Problem statement:
Word for word, return each entry that follows, with every image removed.

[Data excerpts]
==============================

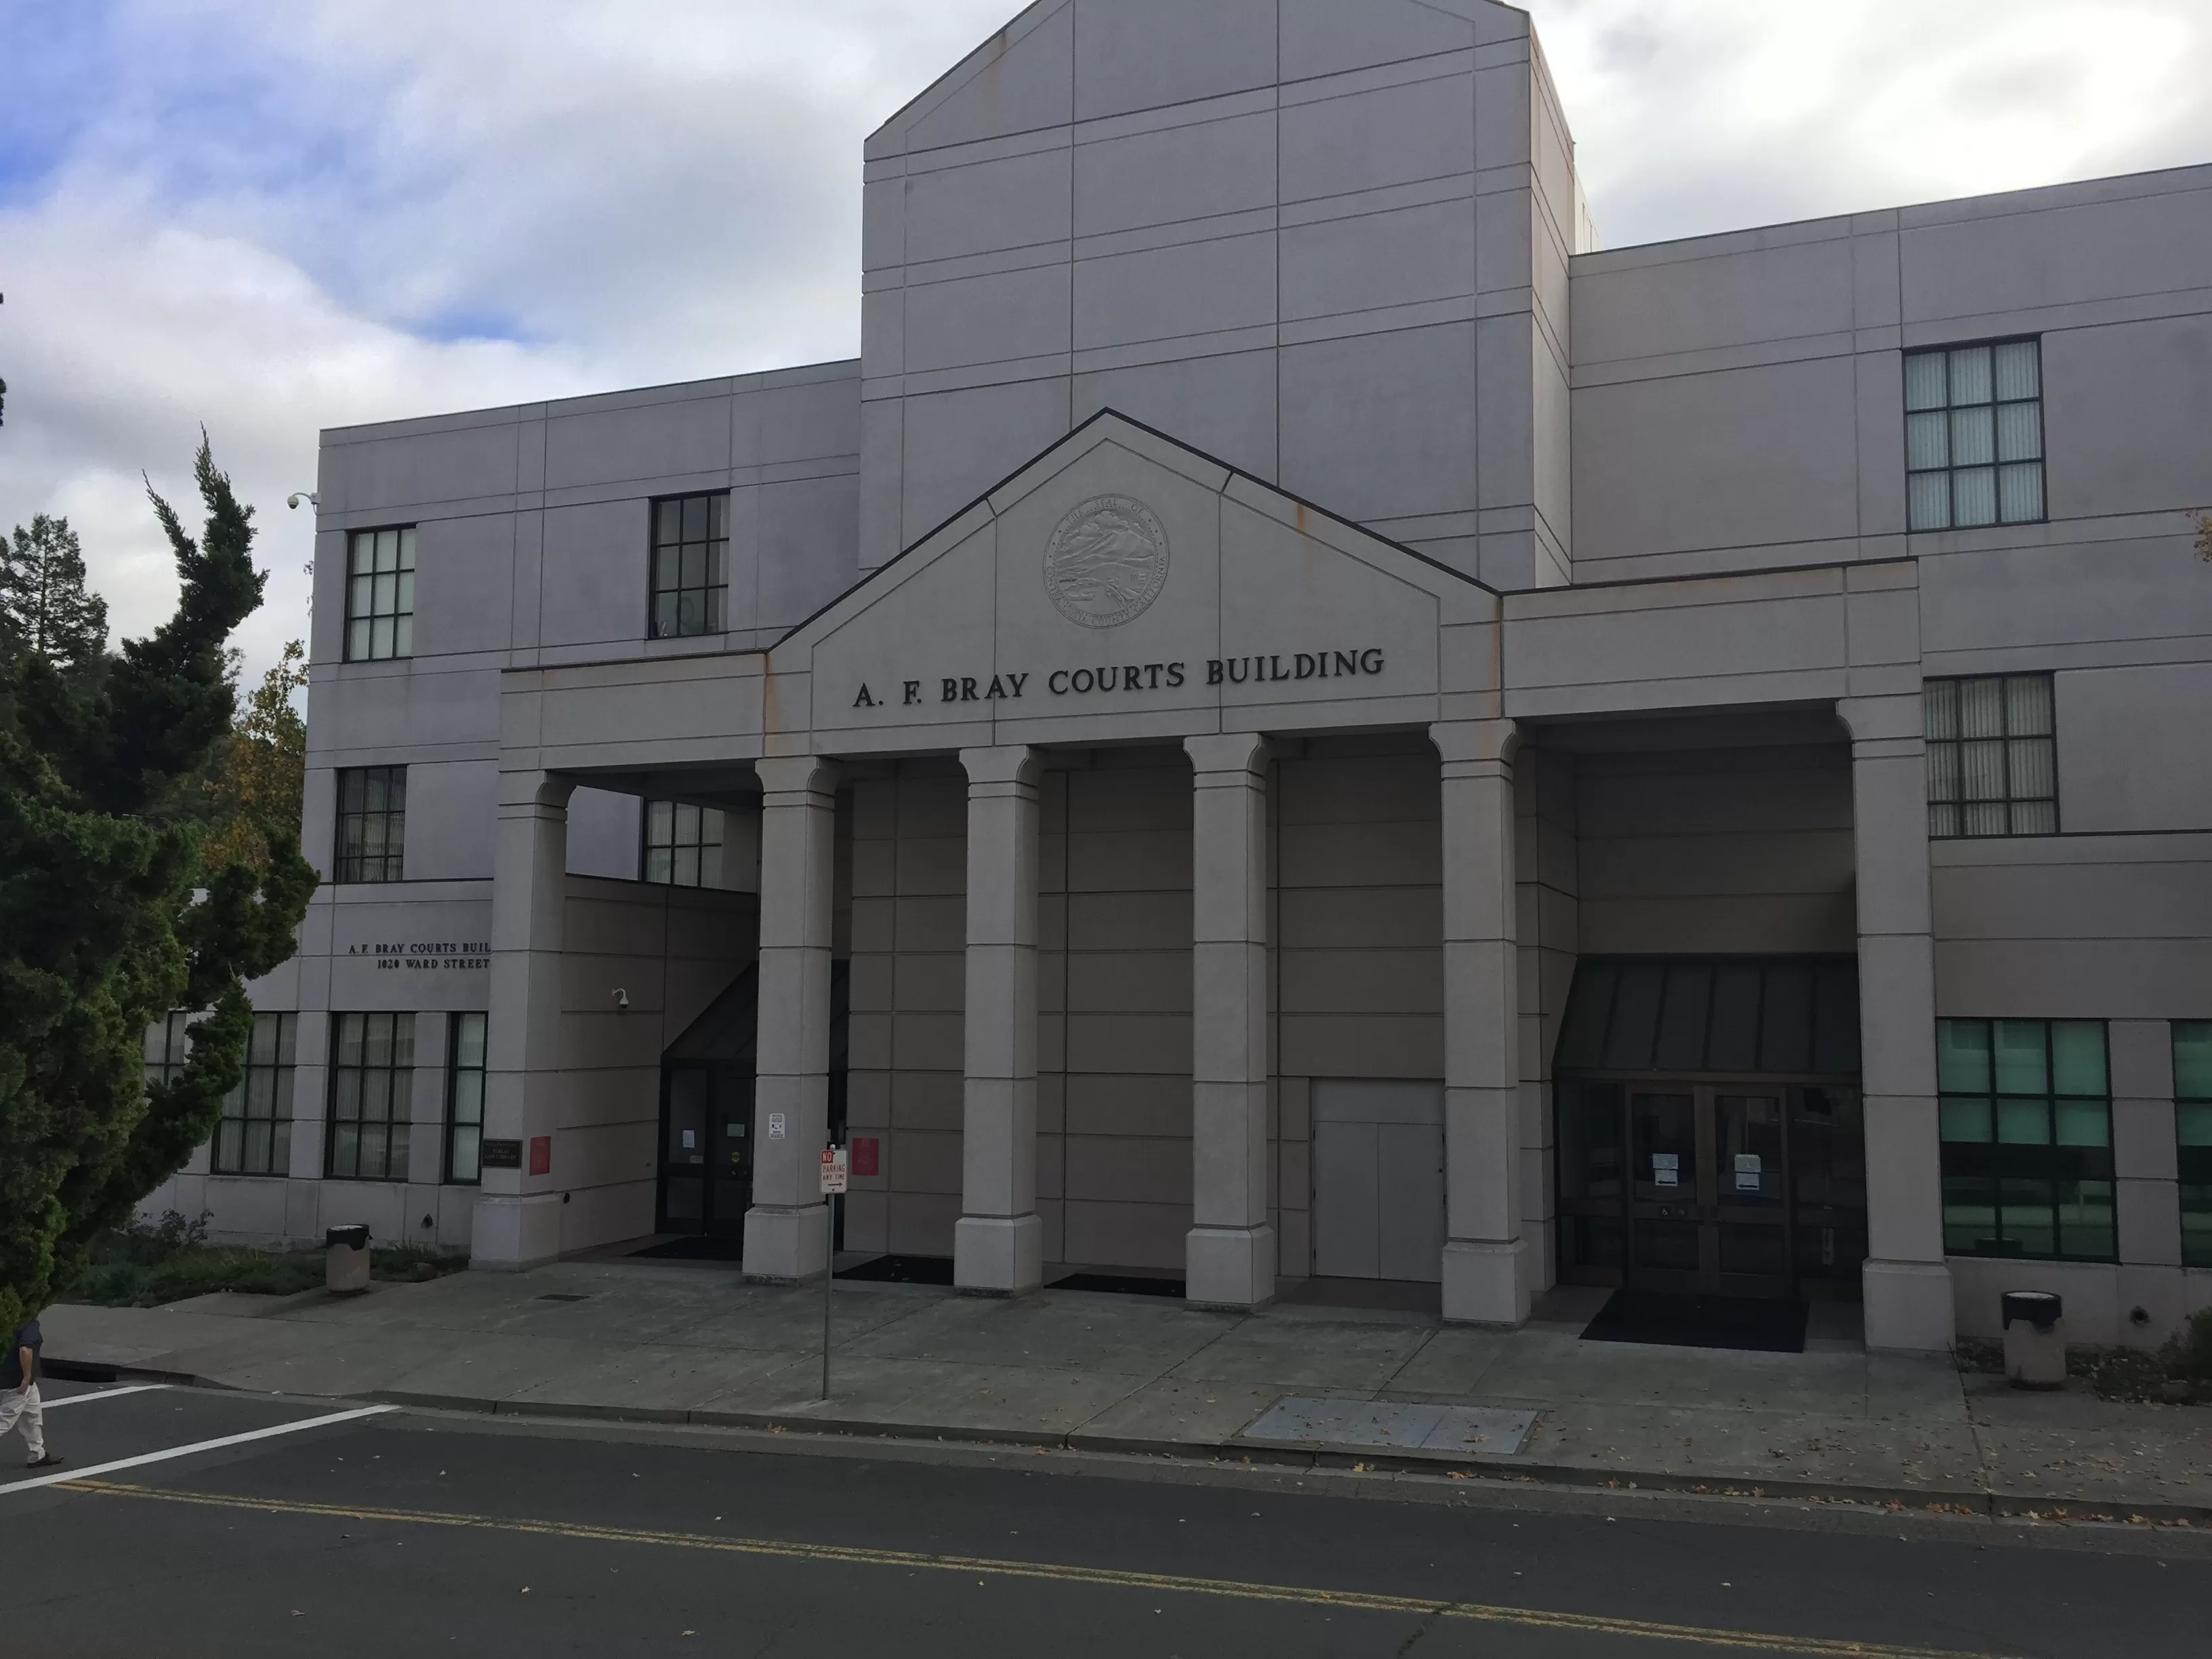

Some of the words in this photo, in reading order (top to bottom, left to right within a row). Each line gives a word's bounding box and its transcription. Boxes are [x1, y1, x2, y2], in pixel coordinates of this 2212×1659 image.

[1092, 611, 1131, 626] COUNTY
[852, 683, 884, 708] A.
[902, 680, 922, 705] F.
[941, 673, 1029, 703] BRAY
[1048, 662, 1186, 696] COURTS
[1206, 648, 1385, 686] BUILDING
[375, 943, 405, 954] BRAY
[410, 943, 457, 954] COURTS
[377, 959, 400, 970] 1020
[405, 959, 439, 970] WARD
[444, 959, 491, 970] STREET
[822, 1151, 832, 1162] NO
[823, 1164, 846, 1173] PARKING

==============================

Exercise output:
Some of the words in this photo, in reading order (top to bottom, left to right within a row). Each line gives a word's bounding box and its transcription. Boxes are [x1, y1, x2, y2], in pixel coordinates of this 2212×1659 image.

[1092, 611, 1131, 626] COUNTY
[852, 683, 884, 708] A.
[902, 680, 922, 705] F.
[941, 673, 1029, 703] BRAY
[1048, 662, 1186, 696] COURTS
[1206, 648, 1385, 686] BUILDING
[375, 943, 405, 954] BRAY
[410, 943, 457, 954] COURTS
[377, 959, 400, 970] 1020
[405, 959, 439, 970] WARD
[444, 959, 491, 970] STREET
[822, 1151, 832, 1162] NO
[823, 1164, 846, 1173] PARKING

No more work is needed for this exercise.